Abstract:

Although liver fibrosis reflects disease severity in chronic hepatitis patients, there has been no simple and accurate system to evaluate the therapeutic effect based on fibrosis. We developed a glycan-based immunoassay, FastLec-Hepa, to fill this unmet need. FastLec-Hepa automatically detects unique fibrosis-related glyco-alteration in serum hyperglycosylated Mac-2 binding protein within 20 min. The serum FastLec-Hepa counts increased with advancing fibrosis and illustrated significant differences in medians between all fibrosis stages. FastLec-Hepa is sufficiently sensitive and quantitative to evaluate the effects of PEG-interferon-α/ribavirin therapy in a short post-therapeutic interval. The obtained fibrosis progression is equivalent to -0.30 stages/year in patients with sustained virological response, and 0.01 stages/year in relapse/nonresponders. Furthermore, long-term follow-up of the severely affected patients found hepatocellular carcinoma developed in patients after therapy whose FastLec-Hepa counts remained above a designated cutoff value.
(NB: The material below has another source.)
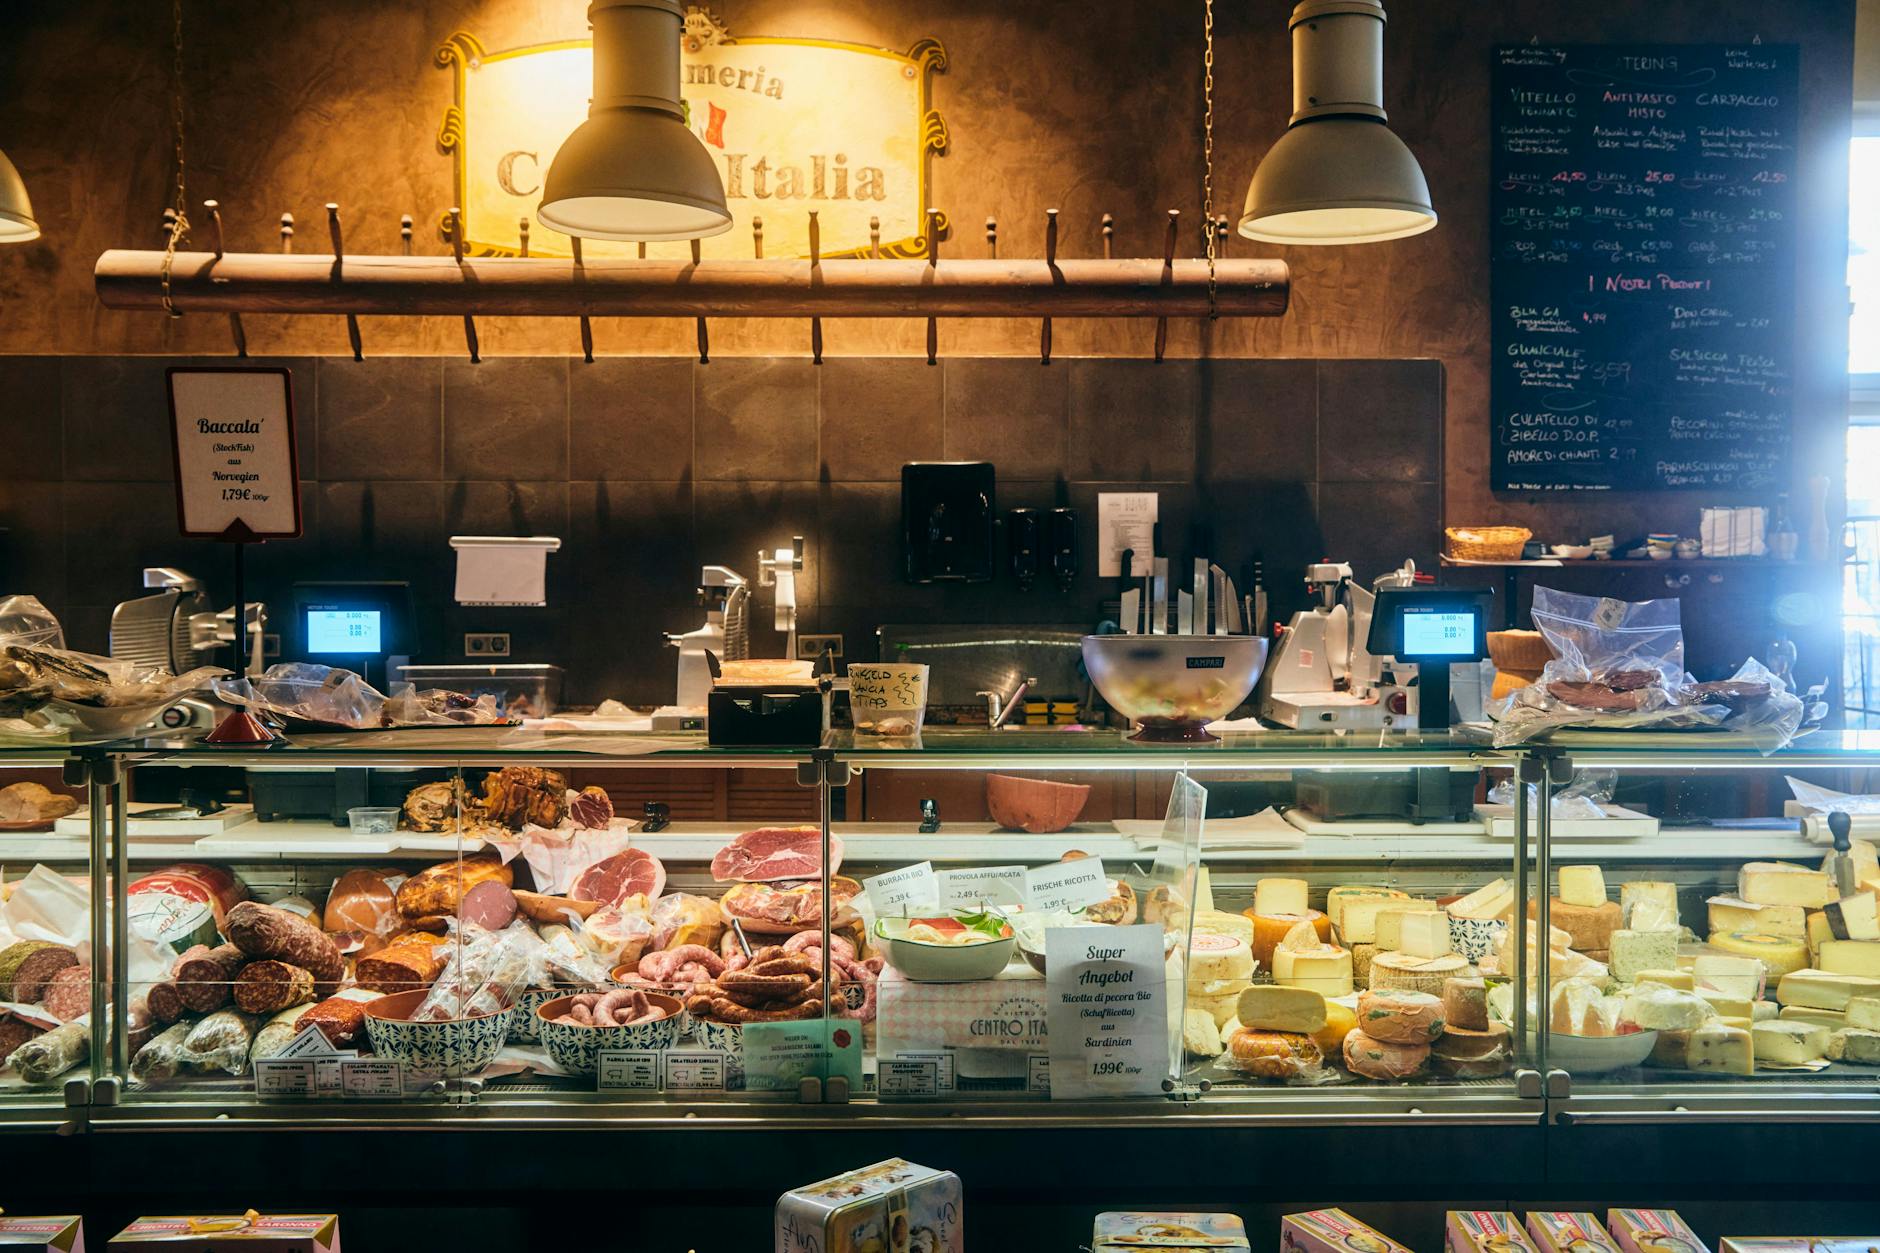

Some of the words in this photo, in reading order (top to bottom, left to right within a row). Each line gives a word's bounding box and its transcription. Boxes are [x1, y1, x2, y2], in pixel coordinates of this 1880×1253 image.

FastLec-Hepa is the only assay currently available for clinically beneficial therapy evaluation through quantitation of disease severity.

日本語要旨:

線維化進行に伴って変化する糖鎖マーカーLecT-hepaより鋭敏で、ELISAで使用可能になった（測定時間が15分・血清量20ul)Mac-2 binding proteinを他施設共同研究で集まられた血清を用いて測定し、ウイルス排除された症例では線維化の改善に伴いその値も減少することを明らかにし、肝生検に変わるマーカーとして報告した。